SALT LAKE CITY — A Utah County critical care physician pleaded Thursday with Utah residents to “wear a mask, wash their hands and keep their distance.”
“This is a miserable, persistent, ugly disease and whatever we can do to prevent it, we ought to do,” said Dr. Clark Bishop, who works in the intensive care unit and as a pulmonary physician at Intermountain Healthcare’s Utah Valley Hospital. He said he is “deeply saddened” by the ongoing debate regarding masks and the virus in his home county.
“It doesn’t need to be contentious,” Bishop said. “There are some things we do know ... masks make a difference.”
The Utah Department of Health reported another 1,008 new COVID-19 cases on Thursday.
To date, there have been 74,050 known infections and 459 deaths due to COVID-19 in Utah. No new deaths in Utah due to COVID-19 were reported on Thursday.
“These are not just numbers, these are people,” Utah Gov. Gary Herbert said Thursday during his weekly COVID-19 update at the state Capitol. He said surges are happening all over the country and are “not unique to Utah,” but are frustrating to everyone, nonetheless.

Sara Haight and Alta Findlay administer a COVID-19 test at a testing site run by the Salt Lake County Health Department at Glendale Middle School in Salt Lake City on Tuesday, Sept. 15, 2020.
Spenser Heaps, Deseret News
“It’s impacted us all. We’re all probably tired of this and wish it would go away,” he said. “Hopefully with the vaccine, things will get better soon.”
Herbert defended the state’s actions early in the pandemic after a new audit shows officials could have done more.
“In hindsight, there’s a lot of things we could’ve done better,” he said, adding that “there’s no end to people willing to criticize.”
“Some of us out there are part of the problem,” Herbert said.
He said pandemics are not an easy thing to prepare for and “the whole world was caught off guard” with this one.
“There was nobody any better prepared than we were in Utah,” Herbert said. “We’ll be better prepared for emergencies like this in the future.”

Gov. Gary R. Herbert, left, and Dr. Clark Bishop, a critical care and pulmonary medicine physician at Utah Valley Hospital in Provo, arrive for a COVID-19 briefing at the Capitol in Salt Lake City on Thursday, Oct. 1, 2020.
Spenser Heaps, Deseret News
Because of this, Utahns have learned, he said, to store face masks with other emergency supplies — as “a necessary part of our 72-hour kits.”
Herbert said that much like car accidents, cancer and many other things, he wishes he could “do away with” COVID-19.
A vaccine, which he’s heard is coming before the end of the first quarter of 2021, he added, “will be the beginning of the end.”
The state has tested 836,218 people for COVID-19, including 6,248 people since Wednesday. The rolling seven-day average for positive tests is now 987 per day, with a 13.6% positivity rate, nearly double what it was weeks ago, Herbert said.
There are currently 201 people hospitalized with COVID-19 throughout Utah.
Bishop said the biggest worry would be overwhelming the hospital systems in the state, and for most of the duration of the pandemic, Utah hasn’t been close. But, the number of intensive care beds being used, particularly by COVID-19 patients, has doubled in the last few weeks.

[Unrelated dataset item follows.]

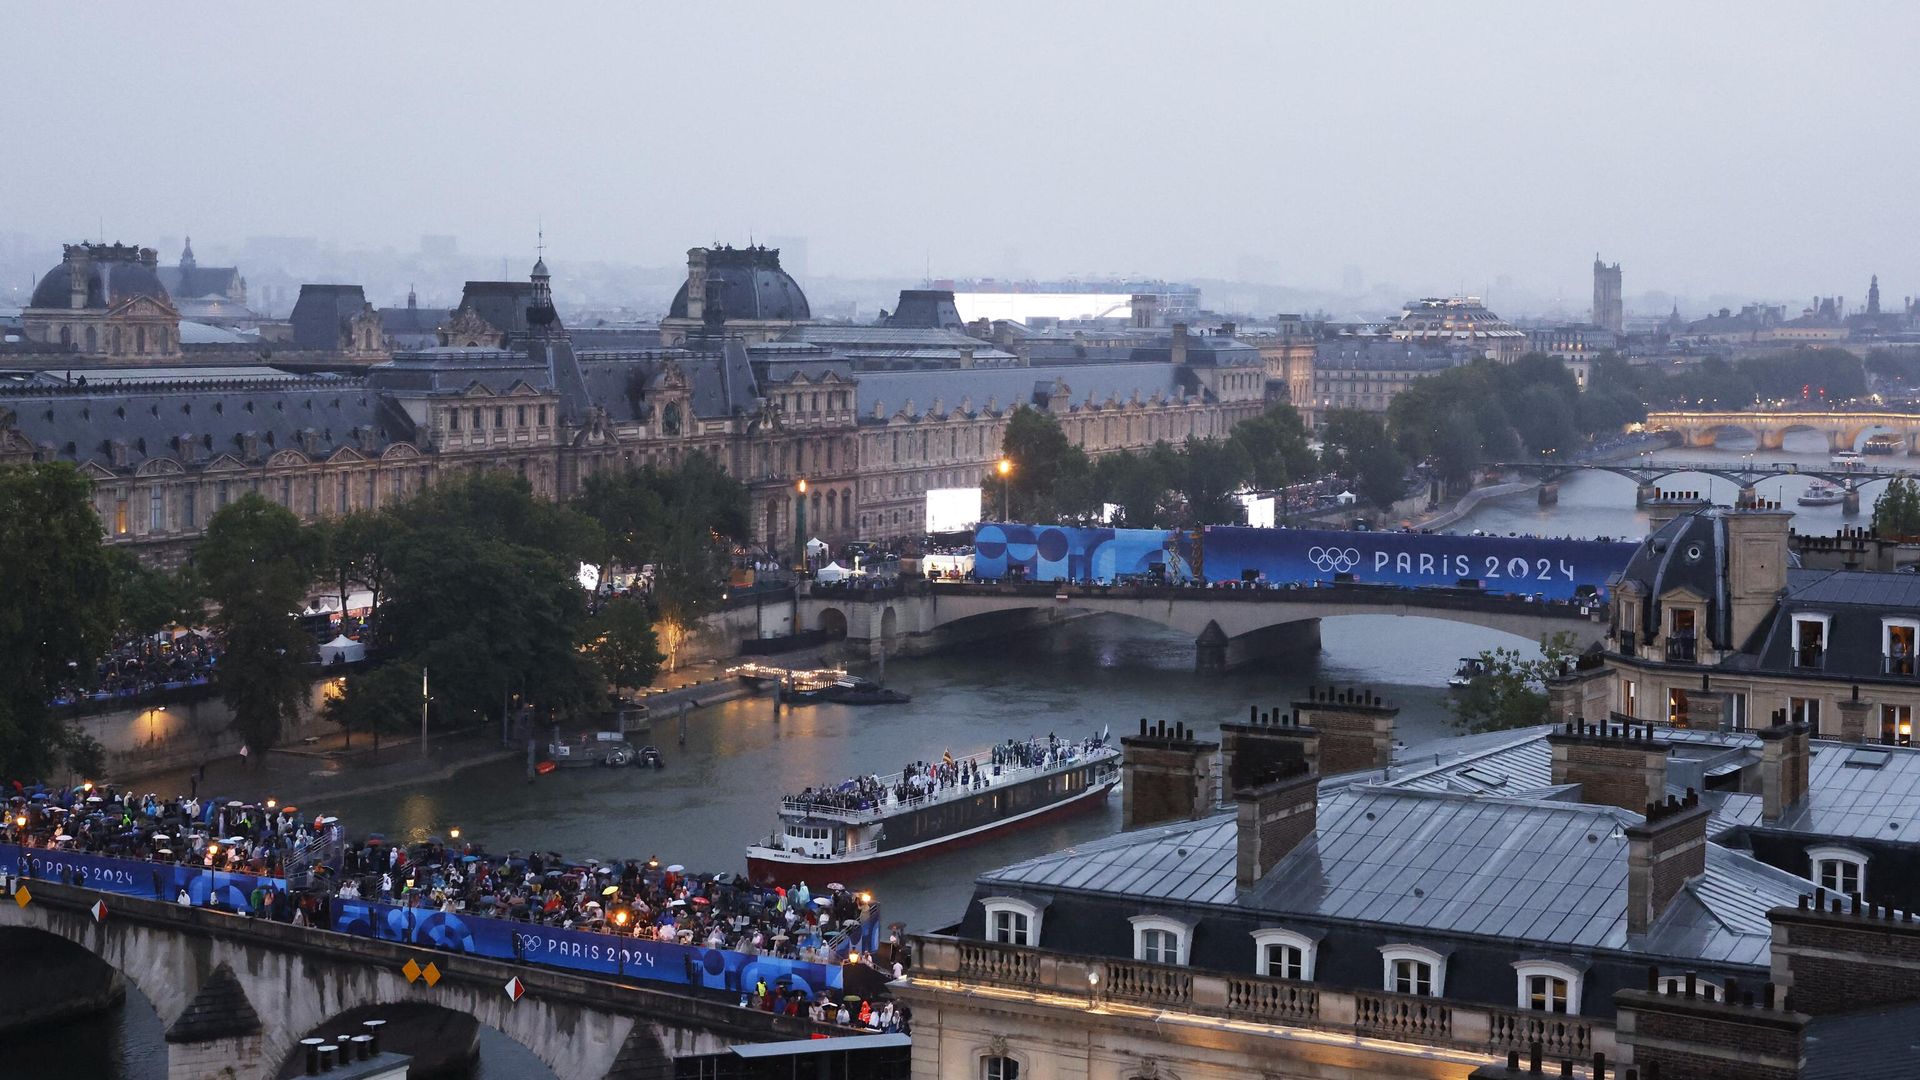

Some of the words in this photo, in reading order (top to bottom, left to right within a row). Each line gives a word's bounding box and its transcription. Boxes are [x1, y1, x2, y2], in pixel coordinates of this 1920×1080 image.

[1485, 556, 1574, 581] 2024
[94, 867, 133, 885] 2024
[607, 947, 655, 967] 2024

“The people who get sick with COVID-19 are very, very, very sick, and each one that I see is very heartbreaking,” he said. “I wish you could see what it’s like to see someone with COVID-19, not knowing if they will survive. They’re all alone, writing goodbye notes to their children. That’s not something that is easy to watch.”
Bishop said the symptoms and conditions caused by COVID-19 can be long-lasting and can impact people differently even after they’ve left the hospital.
“The basic science is sound,” the critical care doctor said. “I would plead with you to wear a mask — especially the students in Utah County. Let’s set that expectation so that our schools can stay open, stay with our friends and be with our friends.
“The best science we have says wear a mask, wash your hands, watch your distance.”